Recreating the starfield background art from the 1988 anime Gunbuster

· 220 words · 2 minute read
Recreating the starfield background art from the 1988 anime Gunbuster

I’ve written before about my admiration for the animation studio Gainax and their highly creative work. This time I’m curious about a very particular element: The starfield background art of 1988–1989 OVA Gunbuster.

The original backgrounds were probably painted with Nicker Poster Color, an opaque watercolor similar to gouache. The stars were likely dotted-on with a brush (or sprayed-on in case of nebula).

Mostly the stars scroll with the background, but a few times they parallax. My guess is a transparent sheet was used.

Mostly the stars scroll with the background, but a few times they parallax. My guess is a transparent sheet was used.

The interesting artistic choice is how colorful they made it.

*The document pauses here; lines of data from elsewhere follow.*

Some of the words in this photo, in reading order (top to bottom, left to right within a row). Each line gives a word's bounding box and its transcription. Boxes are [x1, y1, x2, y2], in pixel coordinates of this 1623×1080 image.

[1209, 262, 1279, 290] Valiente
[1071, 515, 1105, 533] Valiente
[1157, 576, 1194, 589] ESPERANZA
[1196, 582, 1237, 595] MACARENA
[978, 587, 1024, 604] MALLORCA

It’s psychedelic, using intentionally imperfect sphere, and close too breaking the illusion of a night sky.


When recreating this this art digitally, the challenge isn’t covering a canvas with blobby particles. It’s in re-creating the artifacts from the analog pipeline (Lenses, Cameras, Film) that gives it a soft and organic look.

Zooming into a high-resolution capture and compressing the tonal range reveals some of these optical characteristics. Blues tend to shift right, reds bleed outward. There’s also a noticeable amount of film grain and haloing.

Even with digital artifacts, we can deduce a lot about the analogue pipeline.

Even with digital artifacts, we can deduce a lot about the analogue pipeline.

Using blurs, chromatic aberration, a fake noise grain, some film filters we can get pretty close.

Three.js was used for rendering, lil-gui for the control panel and Claude helped me write the WebGL shaders. When everything was set up it was a matter of dialing in the value to match up with the references.